** WHAT IS REQUIRED **
Copy the entries exactly. Their pictures do not belong in the copy.
[[ RECORDS SHOWN, beginning ]]
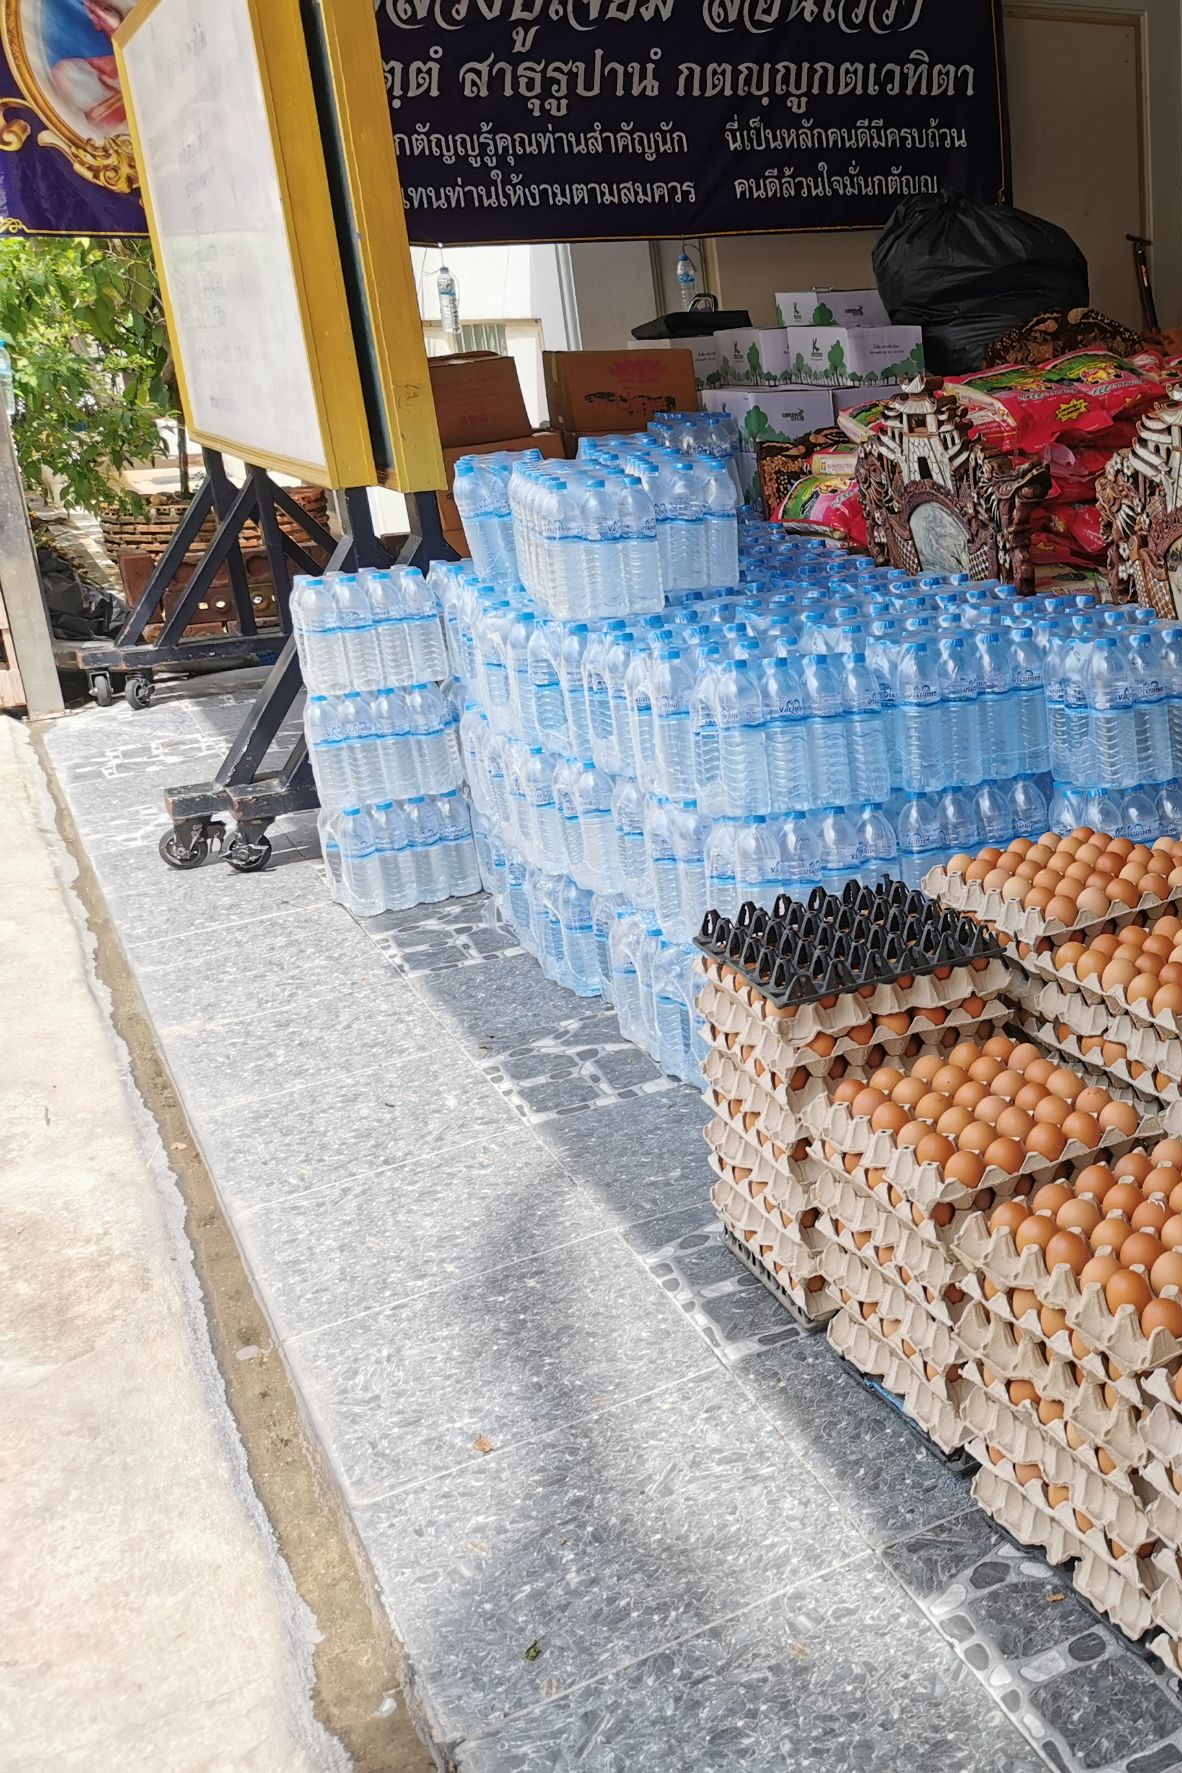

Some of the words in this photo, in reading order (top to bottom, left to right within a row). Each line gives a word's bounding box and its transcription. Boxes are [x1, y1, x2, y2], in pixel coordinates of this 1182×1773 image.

[724, 114, 967, 151] นี่เป็นหลักคนดีมีครบถ้วน
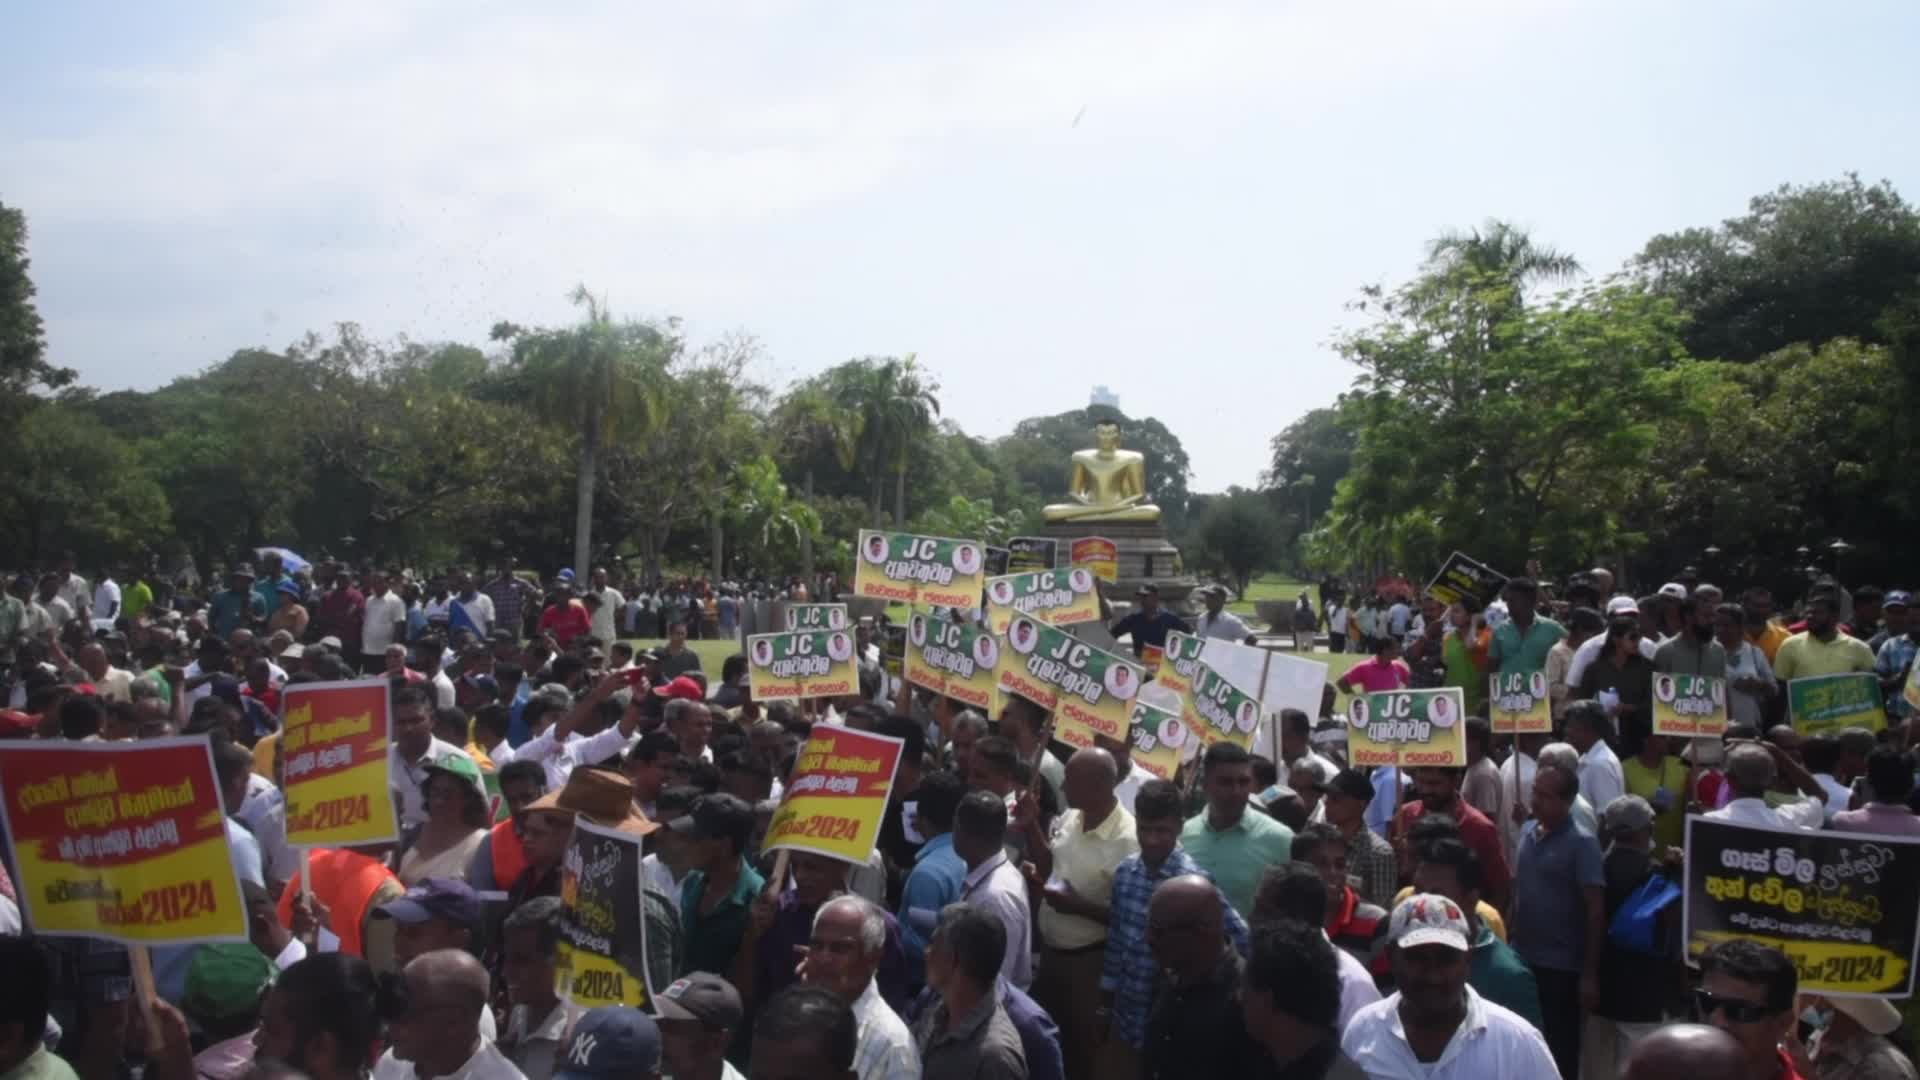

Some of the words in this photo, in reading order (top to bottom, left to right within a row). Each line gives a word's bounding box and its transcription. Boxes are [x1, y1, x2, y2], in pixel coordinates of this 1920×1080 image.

[903, 539, 937, 560] JC
[1026, 572, 1054, 592] JC
[803, 607, 820, 624] JC
[784, 634, 813, 655] JC
[935, 624, 960, 648] JC
[1051, 639, 1091, 668] JC
[1209, 679, 1232, 704] JC
[1505, 672, 1521, 691] JC
[1685, 676, 1705, 696] JC
[1381, 695, 1411, 717] JC
[1774, 847, 1816, 883] මිල
[143, 879, 217, 925] 2024
[1824, 956, 1886, 983] 2024
[583, 969, 624, 999] 2024
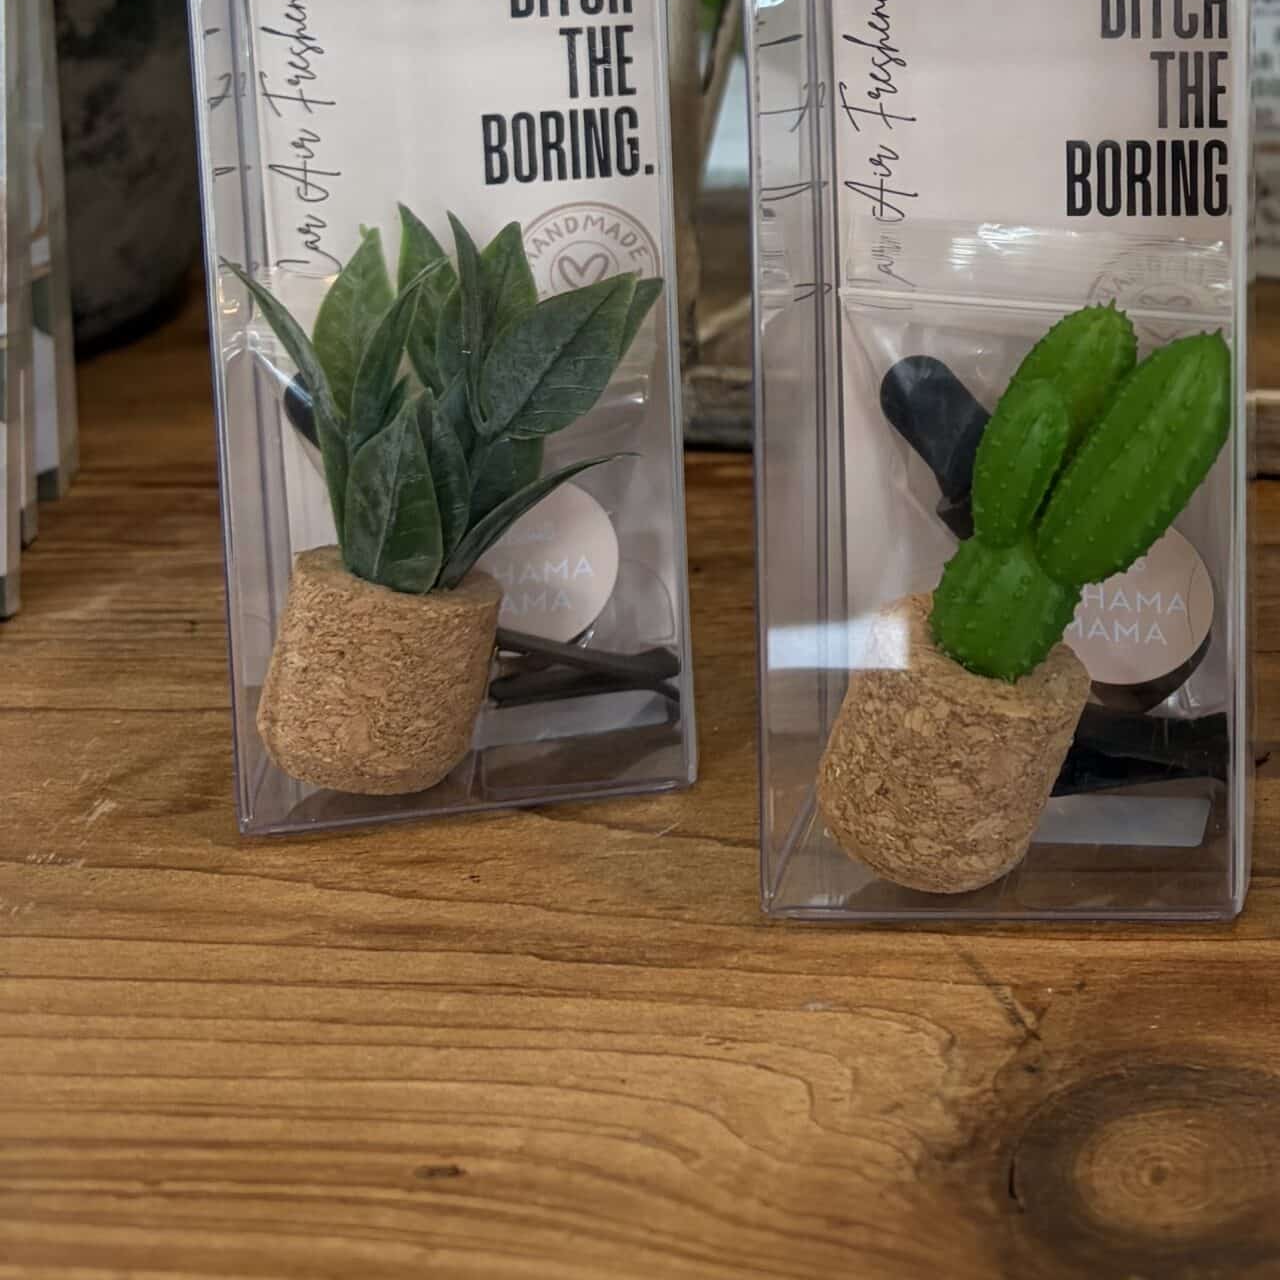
[[ RECORDS SHOWN, end ]]
** OUTPUT FOR THIS EXERCISE **
Some of the words in this photo, in reading order (top to bottom, left to right within a row). Each line gives a word's bounding box and its transcription. Boxes are [x1, y1, x2, y2], in pixel coordinates of this 1182×1773 image.

[724, 114, 967, 151] นี่เป็นหลักคนดีมีครบถ้วน

Some of the words in this photo, in reading order (top to bottom, left to right within a row). Each line gives a word's bounding box and its transcription. Boxes are [x1, y1, x2, y2], in pixel coordinates of this 1920×1080 image.

[903, 539, 937, 560] JC
[1026, 572, 1054, 592] JC
[803, 607, 820, 624] JC
[784, 634, 813, 655] JC
[935, 624, 960, 648] JC
[1051, 639, 1091, 668] JC
[1209, 679, 1232, 704] JC
[1505, 672, 1521, 691] JC
[1685, 676, 1705, 696] JC
[1381, 695, 1411, 717] JC
[1774, 847, 1816, 883] මිල
[143, 879, 217, 925] 2024
[1824, 956, 1886, 983] 2024
[583, 969, 624, 999] 2024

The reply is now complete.